在该反应装置中,无菌过滤3333克被调节至室温的溶液5,并无菌过滤528克被调节至室温的溶液3,以搅拌掺入溶液5(得溶液6)。
加热溶液6至40℃,然后真空蒸馏出乙醇/水混合物,使溶液减至1931克以下(得悬浮液1)。将此双羟萘酸西曲瑞克悬浮液1冷却至室温,并用无菌过滤后的注射用水将其搅拌稀释至3000克(得悬浮液2)。然后将调节至室温的待用悬浮液2各3.0克分装到10毫升注射管瓶中,装上冷冻干燥栓塞,并将其转移至冷冻干燥装置中。
在冷冻干燥装置中于平皿温度(plate temperature)-40℃下冷冻这些注射管瓶。干燥是通过使平皿温度从-40℃升至20℃的一种程序干燥方法完成的。用无菌过滤后的氮气注满此冷冻干燥(FD)装置,对该装置中的这些注射管瓶密封,接着盖上并滚压卷曲帽。
冷冻干燥之后,通过12kGy(最小)-15kGy的γ幅射,对这些密封注射管瓶消毒。后者是任选的。
1个140.0(7)毫克的注射管瓶装有34.07毫克的双羟萘酸西曲瑞克,相当于30毫克的西曲瑞克和106毫克的甘露糖醇。重溶时,采用2毫升注射用水。所得悬浮液可以通过i.m.(肌内)或s.c.(皮下)给药的方式用药。
生物学作用:
将按照实施例1所得的双羟萘酸西曲瑞克(2∶1)冻干物(30mg)再悬浮于2毫升注射用水中,然后可通过肠胃外给药,优选皮下(s.c.)或肌内注射(i.m.)给药。
在皮下给药情况下,双羟萘酸西曲瑞克(2∶1)可达到约30-50%的生物利用率(100%定义为通过静脉内给药醋酸西曲瑞克的生物利用率)。双羟萘酸西曲瑞克(2∶1)冻干体的特别优点是对病人仅有很小或没有“突发效应”。作用持续时间与剂量相关,在30-150毫克剂量时,为2-8周或更长。按照本发明的双羟萘酸西曲瑞克(2∶1)冻干体已经过对人临床I期试验阶段的研究。
图1说明,肌内对人给予实施例1所述双羟萘酸西曲瑞克(2∶1)冻干体60mg开始,西曲瑞克血浆浓度的进程是时间的函数(按小时计)。未能测定到突发效应(约100ng/ml(纳克/毫升))。作用持续时间在700小时以上。给药后150小时,恒定血浆水平约2ng/ml。生物利用率约40%。
按照本发明肽盐类的应用领域是例如BPH,肌瘤和子宫内膜异位症。
Claims (10)
1、一种用于制备肽盐类的方法,其特征在于在适宜稀释剂存在下使碱性肽的酸加成盐(起始肽盐)(1)与混合床离子交换剂或酸性、碱性离子交换剂的混合物进行反应,形成游离碱性肽,随后分离出此离子交换剂,接着使此游离碱性肽与无机或有机酸反应,形成此肽的所需酸加成盐(最后肽盐)(2),随后除去该稀释剂。

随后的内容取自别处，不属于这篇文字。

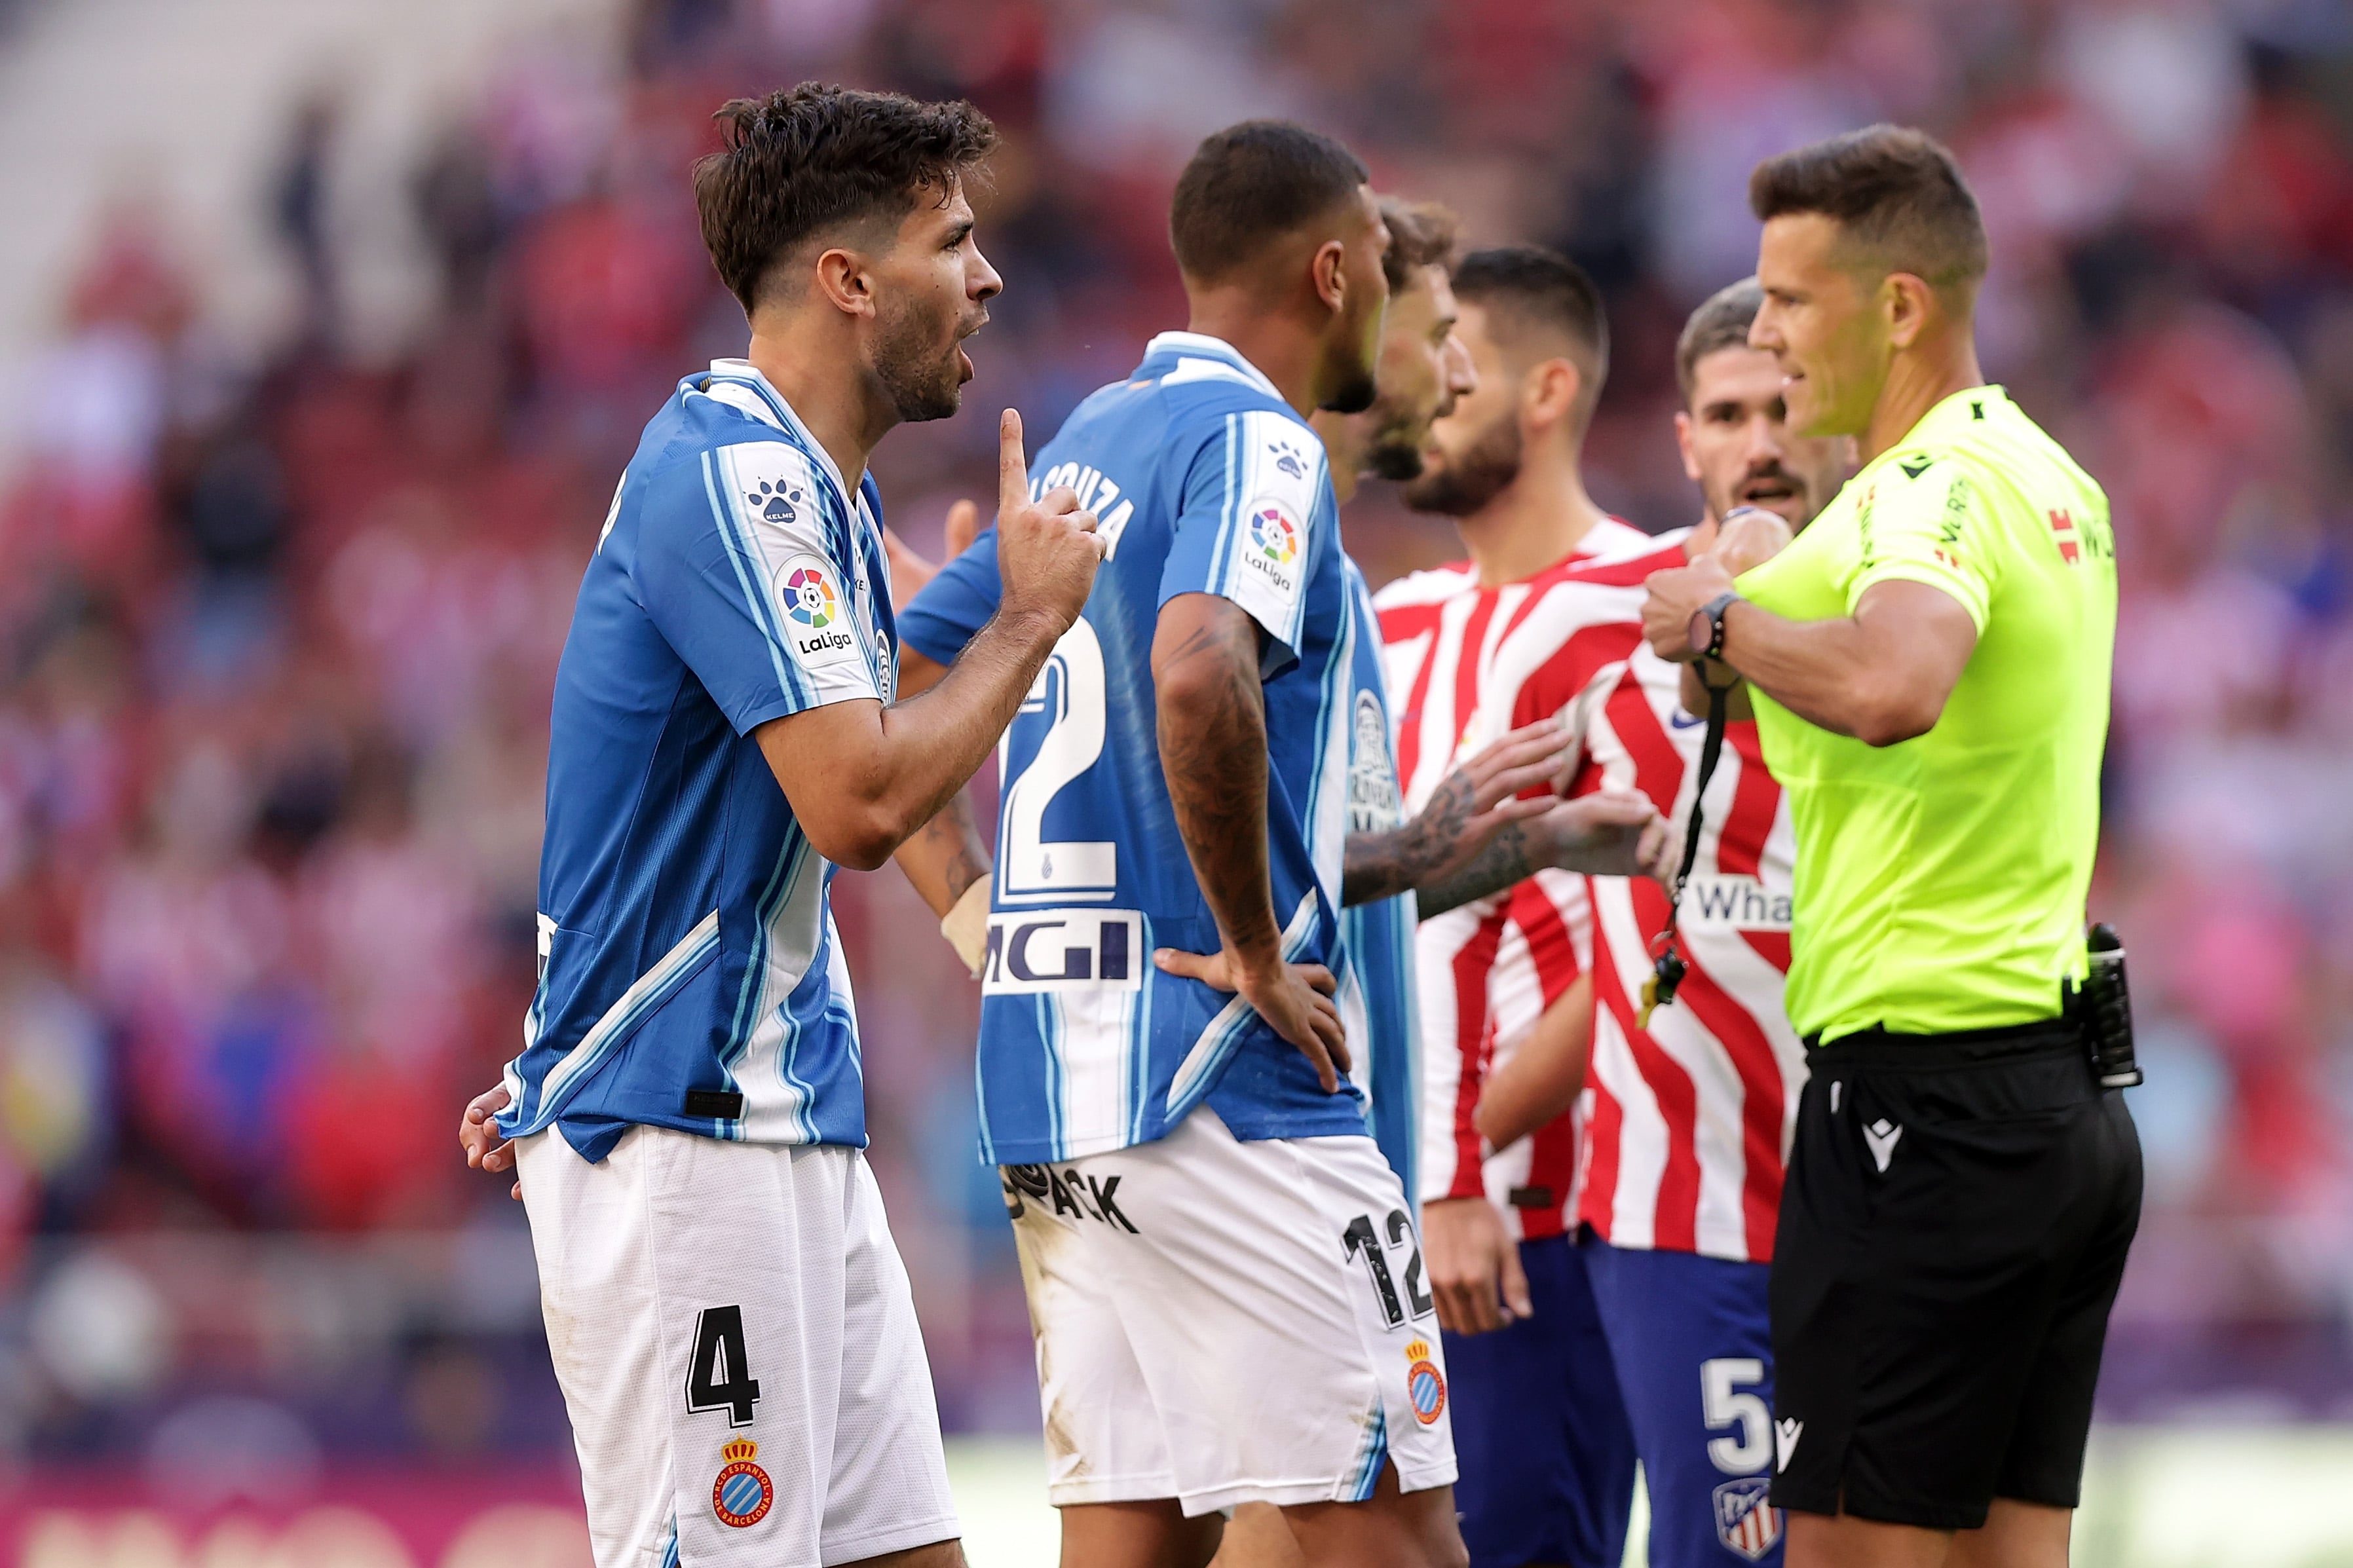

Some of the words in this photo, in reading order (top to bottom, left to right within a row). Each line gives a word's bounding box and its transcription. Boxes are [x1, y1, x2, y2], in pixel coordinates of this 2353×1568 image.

[1245, 551, 1291, 591] LaLiga
[799, 632, 852, 654] LaLiga
[998, 614, 1116, 905] 2
[1340, 1209, 1435, 1330] 12
[685, 1304, 761, 1429] 4
[1700, 1358, 1773, 1476] 5
[714, 1472, 727, 1492] RCD
[728, 1463, 771, 1491] ESPANYOL
[715, 1499, 723, 1512] DE
[721, 1497, 771, 1525] BARCELONA

2、按照权利要求1的方法,其特征在于采用西曲瑞克,替维瑞克,阿巴瑞克,加尼瑞克,azaline B,antide,A-75998,地肽瑞克,雷莫瑞克,RS-68439的盐类作为起始肽盐。
3、按照权利要求1或2的方法,其特征在于该酸是双羟萘酸、硬脂酸或水杨酸。
4、按照权利要求1-3任一项的方法,其特征在于西曲瑞克与双羟萘酸的摩尔比是2∶1。
5、按照权利要求1-4任一项的方法,其特征在于该稀释剂是通过冷冻干燥除去的。
6、一种肽盐,其是用按照权利要求1-5的方法可获得的。
7、一种冻干肽盐,其是用按照权利要求5的方法可获得的。
8、一种药物制剂,其中包含权利要求6或7的肽盐以及药用赋形剂、载体及/或填充剂。
9、用于制造按照权利要求8的药物制剂的方法,其特征在于在除去稀释剂之前完全或部分加入药用赋形剂、载体及/或填充剂。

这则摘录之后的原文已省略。